Figure 8. TGA curve for untreated and treated BV fibers.

It was further noticed that alkali treated fibers show highest resistance to thermal degradation followed by benzoylation treated fibers. However, the mass loss encountered by benzoylation treated fibers was the lowest as compared with other treated fibers.

Conclusions

The impact of various surface chemical treatments on the chemical characteristics, surface morphology, mechanical characteristics, and thermal stability of Bauhinia vahlii bast fibers was studied, and the results were reviewed and reported in this study. Chemical treatment has enhanced the surface roughness of the fibers, which was seen from SEM images. Non-cellulosic components were removed as a result of chemical treatments, according to the findings of the FTIR investigation. The crystallinity indexes of BV fibers were enhanced after the chemical treatments, according to XRD data. Crystallinity Index of benzoylation treated BV bast fiber was found to be 70.10%. Chemical treatments increased the mechanical qualities of the fibers, which could lead to changes in chemical structures and molecular rearrangements in the BV fibers. The optimum mechanical properties were obtained for benzoylation treated BV fibers (128.56 MPa tensile strength, 8.34 GPa Young’s modulus). TGA confirms the thermal stability of the treated fibers which were improved after treatments. From the above comparison of results, it was confirmed that benzoylation treatment is the optimum method of treatment to improve the properties of BV fibers. The advances demonstrated in this work are vital for producing natural cellulosic fibers efficiently for manufacturing of diverse biopolymer composite applications in the aviation, automobile, and marine industries.

Highlights

• The Bauhinia vahlii (BV) fibers were successfully extracted from the bast of the stem by retting process.

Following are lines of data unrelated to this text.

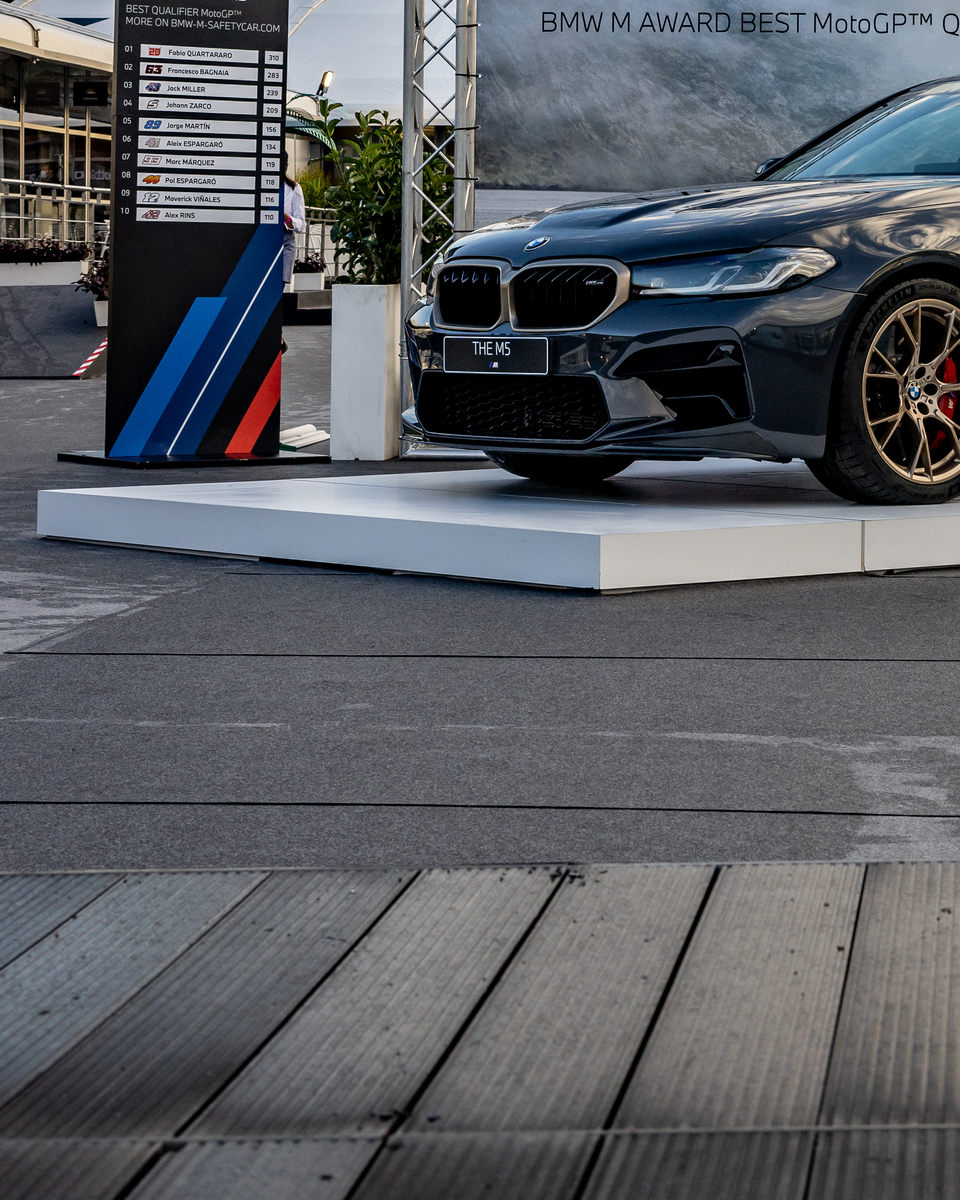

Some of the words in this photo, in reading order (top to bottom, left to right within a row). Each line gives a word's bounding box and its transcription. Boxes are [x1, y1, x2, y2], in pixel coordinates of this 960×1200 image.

[125, 4, 150, 14] BEST
[151, 5, 199, 17] QUALIFIER
[200, 8, 242, 19] MotoGP™
[125, 16, 153, 26] MORE
[154, 17, 169, 27] ON
[170, 20, 281, 33] BMW-M-SAFETYCAR.COM
[541, 11, 603, 33] BMW
[611, 11, 631, 33] M
[638, 11, 731, 33] AWARD
[740, 11, 806, 34] BEST
[813, 12, 933, 34] MotoGP™
[148, 47, 161, 57] 20
[187, 50, 233, 59] QUARTARARO
[124, 63, 133, 71] 02
[144, 64, 163, 75] 63
[167, 67, 199, 75] Francesco
[199, 69, 230, 77] BAGNAIA
[123, 81, 133, 89] 03
[123, 99, 133, 107] 04
[189, 102, 212, 110] ZARCO
[122, 117, 132, 125] 05
[143, 119, 163, 130] 89
[166, 122, 184, 130] Jorge
[184, 121, 211, 130] MARTÍN
[122, 135, 132, 143] 06
[183, 140, 224, 148] ESPARGARÓ
[121, 153, 131, 161] 07
[182, 157, 215, 167] MÁRQUEZ
[121, 171, 131, 179] 08
[176, 177, 217, 185] ESPARGARÓ
[265, 178, 275, 186] 118
[120, 189, 131, 197] 09
[193, 194, 221, 203] VIÑALES
[120, 207, 130, 215] 10
[472, 341, 494, 356] THE
[495, 341, 511, 356] M5

• The fibers were undergone through various chemical treatments which enhanced the exposure of cellulose on the fiber surface as well as increased the surface roughness.

• Benzoylation treated fibers revealed better mechanical properties as compared to untreated and other treated BV fibers.

• The crystallinity indexes of BV fibers were enhanced after the chemical treatments, according to XRD data.

• Bauhinia vahlii (BV) fibers can be a potential candidate as reinforcement in fabrication of polymeric composites.

• The advances demonstrated in this work are vital for producing natural cellulosic fibers efficiently for manufacturing of diverse biopolymer composite applications in the aviation, automobile, and marine industries.

Acknowledgement

We are very much grateful to LARPM, Bhubaneswar for allowing us to carry out all the experiments in their lab.

Disclosure statement

The authors declare that they have no known competing financial interests or personal relationships that could have appeared to influence the work reported in this paper.